The boot-shaped peninsula that we know today as Italy wasn't actually a single nation until 1861. For the centuries leading up to that, it was a loose confederation of regions, each with their own government. The only things uniting the Italian regions were the Catholic Church (which wielded tremendous political and military power) and - sorta-kinda - the Italian language (though there were fourteen different dialects spoken across the peninsula).
The most prosperous and populous of these city-states was Florence, headquartered in the gloriously beautiful city located along the Arno River. Florence at that time was the type of place where a street fight between rival families could end with the Pope dispatching peacekeeping troops. Politically, the government of Florence was divided into two factions: the Guelphs, who thought that the Pope should be the leader of Italy, and the Ghibellinis, who thought that Italians should pledge their loyalty to the Emperor of Rome. With their claims staked, the Guelphs and the Ghibellinis went at each other like the Hatfields and McCoys.

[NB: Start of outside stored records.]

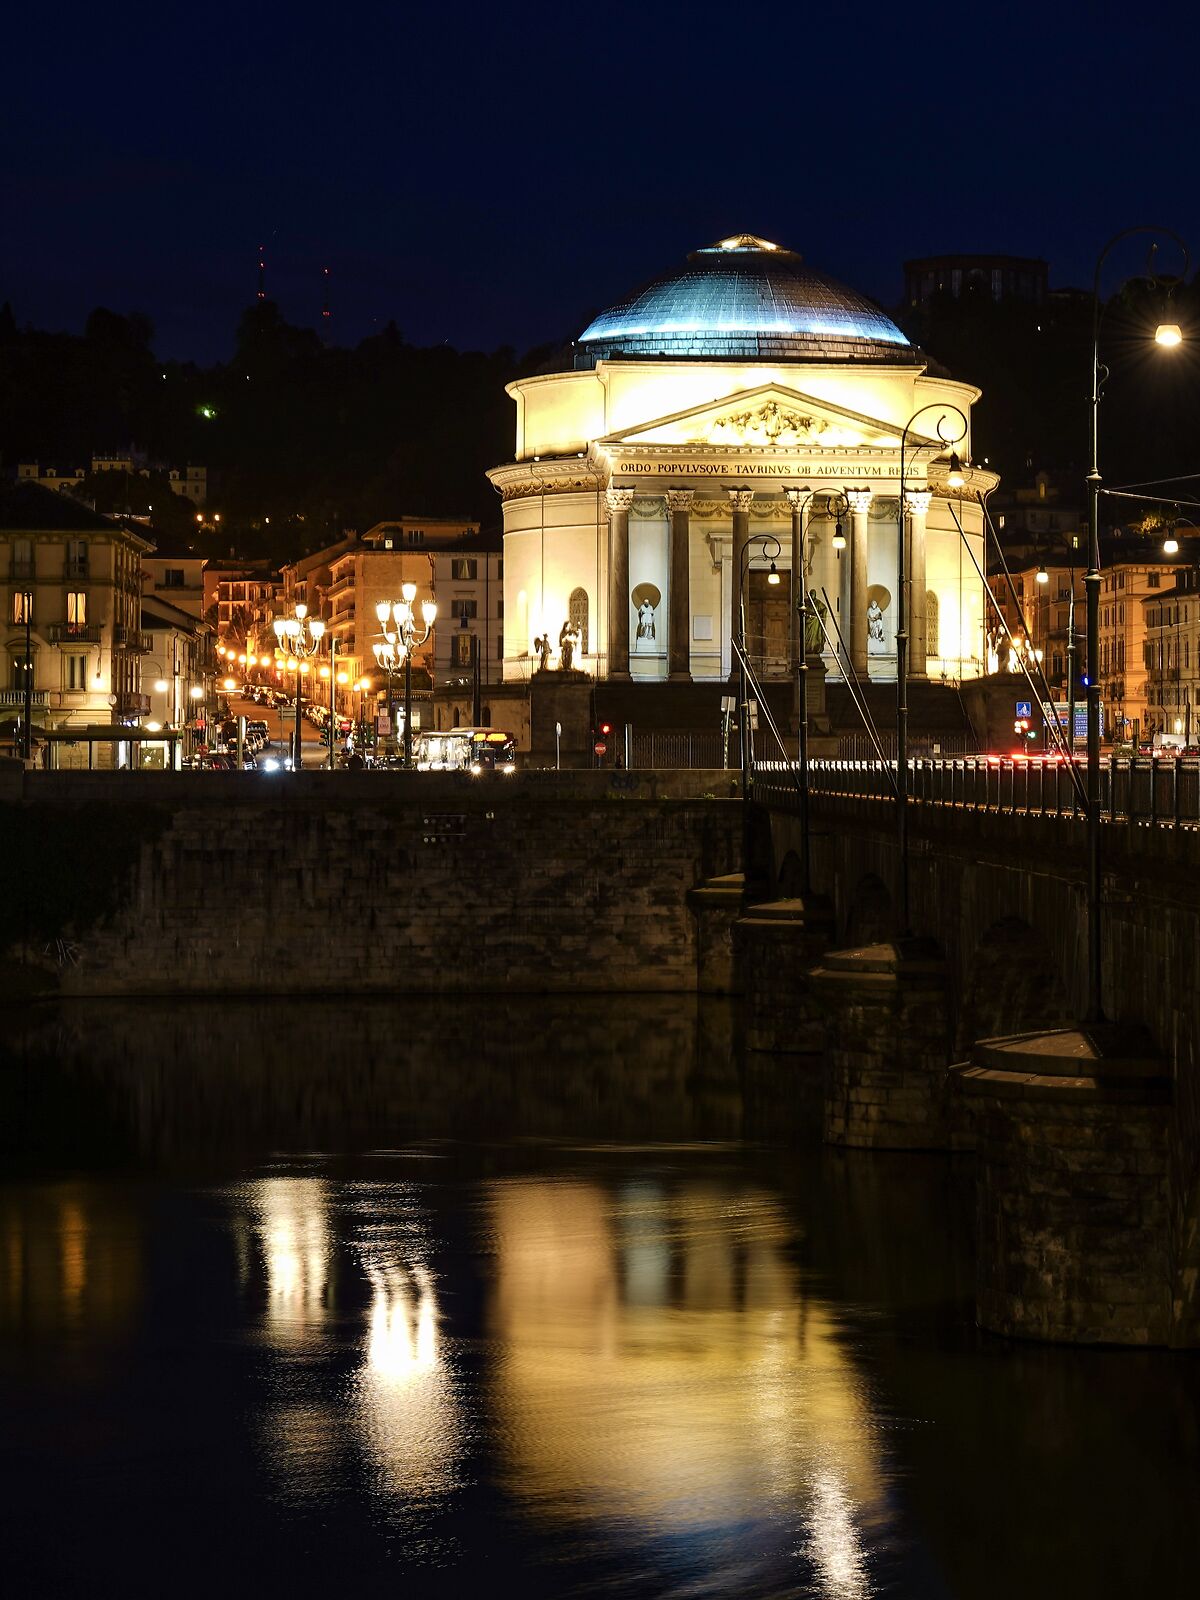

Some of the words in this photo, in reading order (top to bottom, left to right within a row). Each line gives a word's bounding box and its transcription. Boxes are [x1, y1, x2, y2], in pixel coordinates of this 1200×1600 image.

[620, 463, 652, 473] ORDO
[657, 463, 729, 475] POPVLVSQVE
[734, 464, 791, 475] TAVRINVS
[797, 465, 811, 475] OB
[816, 465, 882, 476] ADVENTVM
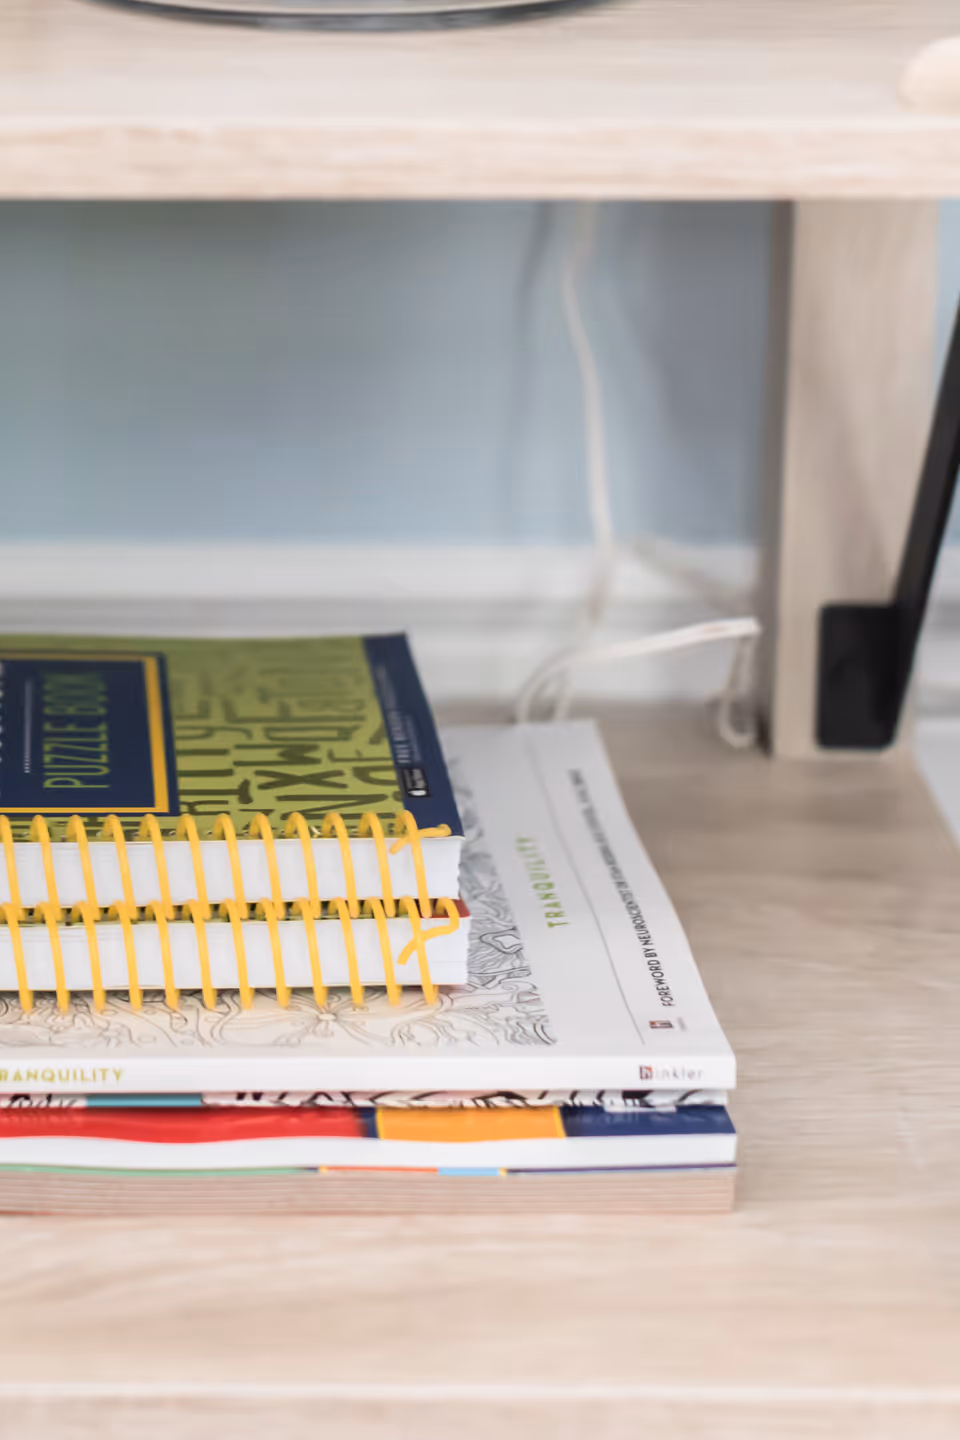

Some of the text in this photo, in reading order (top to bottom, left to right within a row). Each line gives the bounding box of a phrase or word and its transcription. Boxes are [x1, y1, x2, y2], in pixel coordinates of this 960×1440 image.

[43, 672, 110, 789] PUZZLE BOOK
[516, 836, 569, 928] TRANQUILITY
[642, 947, 658, 958] BY
[647, 959, 676, 1007] FOREWORD

Sometime between May and June 1265, Dante Alighieri was born into this feisty Italian milieu. Like many details of Dante's biography, the exact date of his birth has been lost to history. Thanks to the Paradiso, however, we know that he was born under the sign of Gemini. Dante was the son of Alighiero di Bellincione, a property manager, and Gabriella "Bella" degli Abati. Dante also had a younger sister, and, though he refers to her warmly in his poetry, no record survives of her name. When Dante was seven years old, his mother died. His father soon remarried a woman named Lapa di Chiarissimo Cialuffi, who bore Dante's half-siblings Francesco and Gaetana. Dante was educated at the convent schools of Santa Croce and Santa Maria Novella, which were two churches in Florence.